Peinture contemporaine

Une critique que j’entends souvent à propos de la peinture contemporaine est qu’elle ne représenterait pas la réalité. Je trouve un peu bizarre que ce critère de représentation de la réalité ait une quelconque importance, mais admettons. Si l’on s’en tient à une définition intuitive de la réalité qui serait en gros : ce qui existe dans la nature et que nos yeux peuvent voir, alors c’est vrai, les projections de peinture colorée de Pollock ou les figures géométriques de Mondrian ne représentent pas la réalité.
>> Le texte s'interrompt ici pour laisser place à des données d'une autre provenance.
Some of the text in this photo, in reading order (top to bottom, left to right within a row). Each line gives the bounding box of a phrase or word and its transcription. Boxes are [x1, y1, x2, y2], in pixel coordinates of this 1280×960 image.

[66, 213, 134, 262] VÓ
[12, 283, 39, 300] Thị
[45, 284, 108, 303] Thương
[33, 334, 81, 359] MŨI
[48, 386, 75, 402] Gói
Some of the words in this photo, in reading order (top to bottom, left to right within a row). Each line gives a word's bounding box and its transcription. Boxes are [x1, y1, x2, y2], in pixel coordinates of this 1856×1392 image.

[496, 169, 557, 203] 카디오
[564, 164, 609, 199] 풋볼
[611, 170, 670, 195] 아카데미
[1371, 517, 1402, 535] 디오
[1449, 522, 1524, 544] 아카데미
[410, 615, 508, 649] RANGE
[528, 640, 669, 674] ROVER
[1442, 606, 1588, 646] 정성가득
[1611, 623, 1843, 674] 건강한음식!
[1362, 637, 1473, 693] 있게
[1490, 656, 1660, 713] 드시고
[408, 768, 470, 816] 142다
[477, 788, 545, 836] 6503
Le problème, c’est que l’art classique non plus. Allez donc au Louvre et plantez-vous au milieu de n’importe quelle salle. Vous serez entourés de scènes religieuses ou mythologiques, d’angelots, de paysages purement imaginaires. Tout cela existe-t-il ou a-t-il existé ? Psyché a-t-elle réellement été ranimée par l’Amour, le Chancelier Rolin s’est-il réellement agenouillé devant la Vierge, la duchesse de Villars prenait-elle réellement son bain avec Gabrielle d’Estrées en lui pinçant le téton ? Bien sûr que non. La peinture classique ne représente pas davantage la réalité que la peinture contemporaine. Aussi bien l’une que l’autre ne figurent que des symboles qu’il appartient au spectateur de décoder. La différence à mon sens est que dans la peinture contemporaine, on comprend d’emblée qu’on n’y arrivera pas sans une explication de l’artiste (ce qui n’est pas forcément grave, pas besoin de comprendre pour être viscéralement touché), alors que dans la peinture classique, on croit pouvoir décrypter immédiatement ce que l’on voit.
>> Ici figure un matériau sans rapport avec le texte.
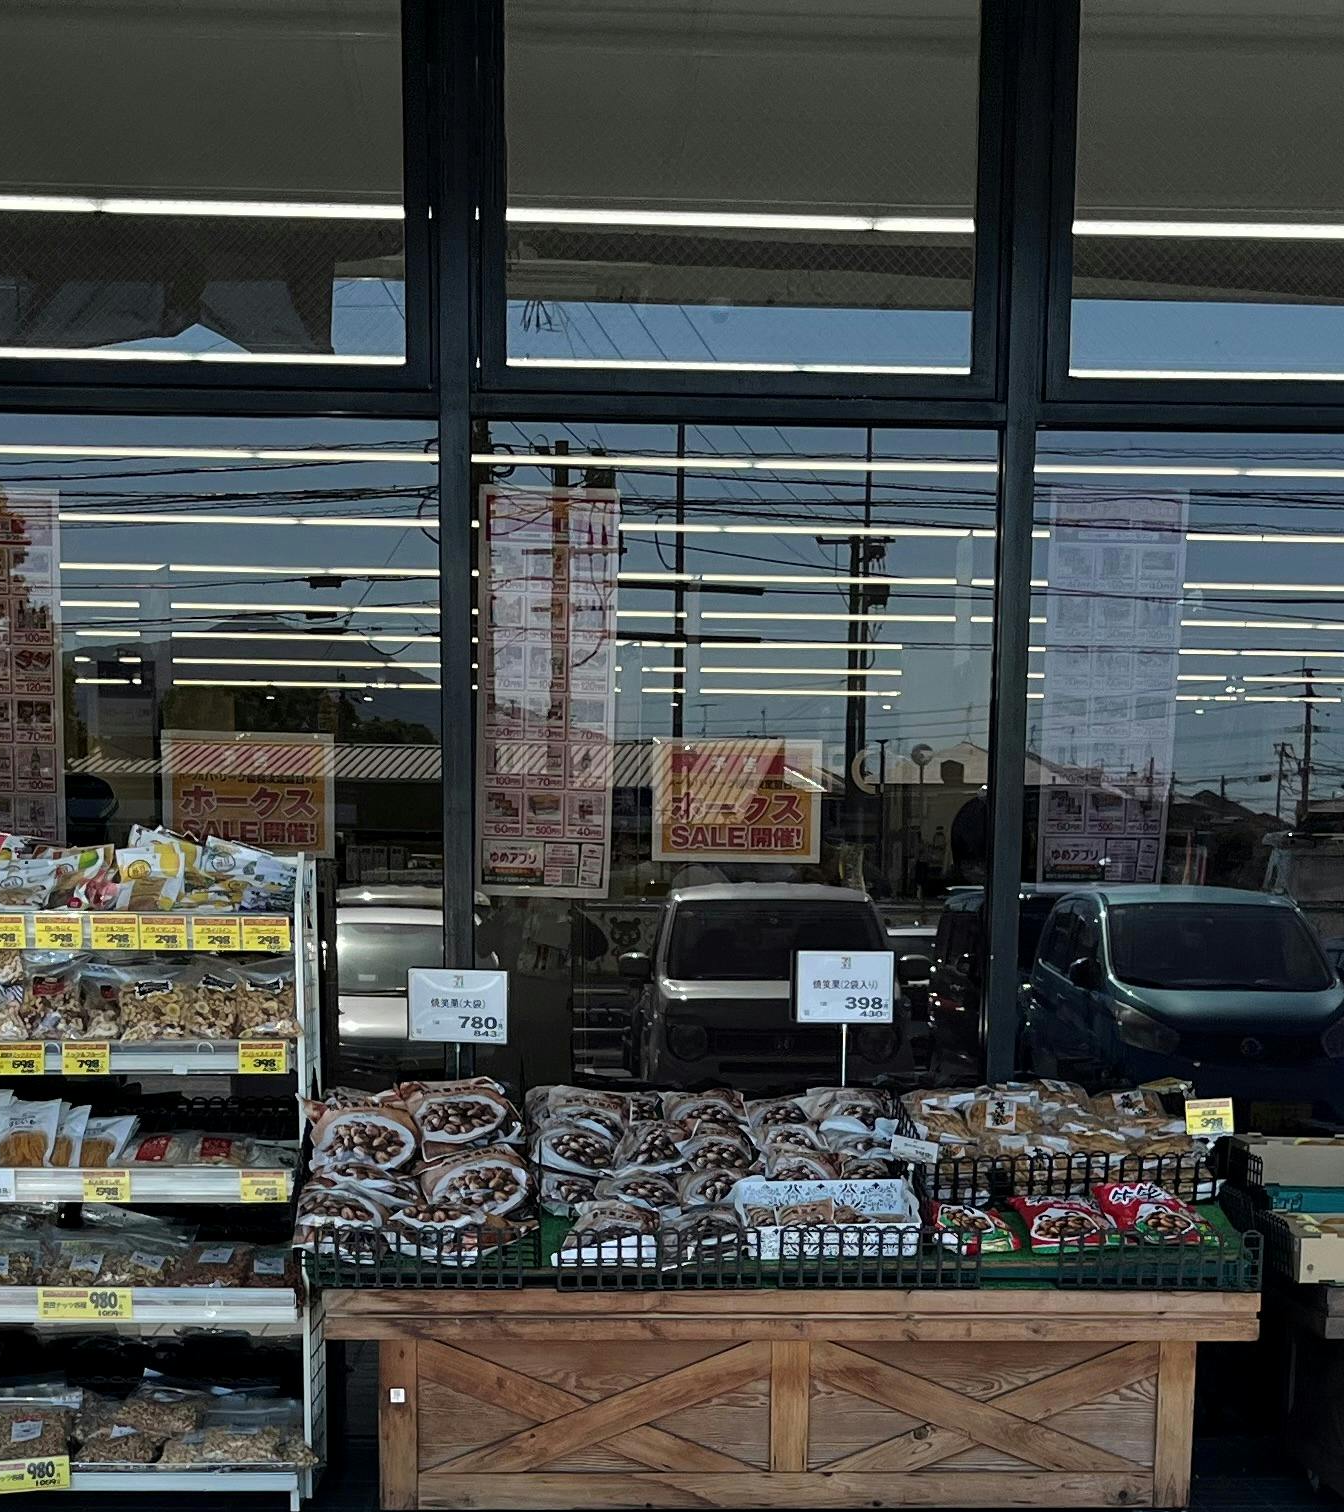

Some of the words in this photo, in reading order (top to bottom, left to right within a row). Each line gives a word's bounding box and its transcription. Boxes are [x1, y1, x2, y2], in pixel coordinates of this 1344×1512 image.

[180, 784, 318, 819] ホークス
[671, 791, 804, 825] ホークス
[670, 825, 803, 849] SALE開催!
[844, 996, 883, 1010] 398
[458, 1016, 498, 1029] 780
[89, 1291, 118, 1309] 980
[27, 1461, 55, 1479] 980
C’est un leurre. La plupart du temps, même quand il s’agit de peinture figurative, on ne décrypte rien du tout. Du fait que nous baignons dans une culture chrétienne, nous savons instantanément reconnaître une Annonciation, une Cène ou une Crucifixion lorsque nous en voyons une ; nous avons les billes pour comprendre ce que ça représente, à la fois visuellement et symboliquement. Mais un Hindou ou un Chinois voit-il autre chose dans une Crucifixion qu’un type barbu cloué sur une croix ? Et nous-même, savons-nous comprendre sans explication complémentaire toutes les peintures qui ornent nos musées ? Si on vous place devant La Mort de Socrate, saurez-vous comprendre qu’il s’agit de Socrate, que le verre qu’il tient à la main contient de la ciguë, que les jeunes garçons autour de lui sont ses étudiants ? Si on vous place devant une toile représentant le martyr d’un obscur Saint de seconde zone, saurez-vous comprendre de quel Saint il s’agit, ce qu’on est en train de lui faire et pourquoi ? Si l’on vous place devant une scène de bataille, saurez-vous l’identifier, saurez-vous même différencier une bataille mythologique purement imaginaire d’une bataille historique ? Je n’en suis pas certain. Sauf cas exceptionnel, comprendre une œuvre classique demande autant de bagage intellectuel que comprendre une œuvre contemporaine. Sans ce bagage, La Mort de Socrate ne représente guère qu’un vieil homme debout qui boit un verre devant une foule éplorée. Bien sûr, du fait qu’il s’agit d’une œuvre figurative, vous avez au moins accès à ce premier niveau de signification, vous pouvez au moins vous extasier sur la beauté des traits du personnage ou sur le rendu de la perspective. C’est déjà ça, mais ça ne va quand même pas très loin, ça ne dit rien de l’intention du peintre et du message qu’il a voulu faire passer.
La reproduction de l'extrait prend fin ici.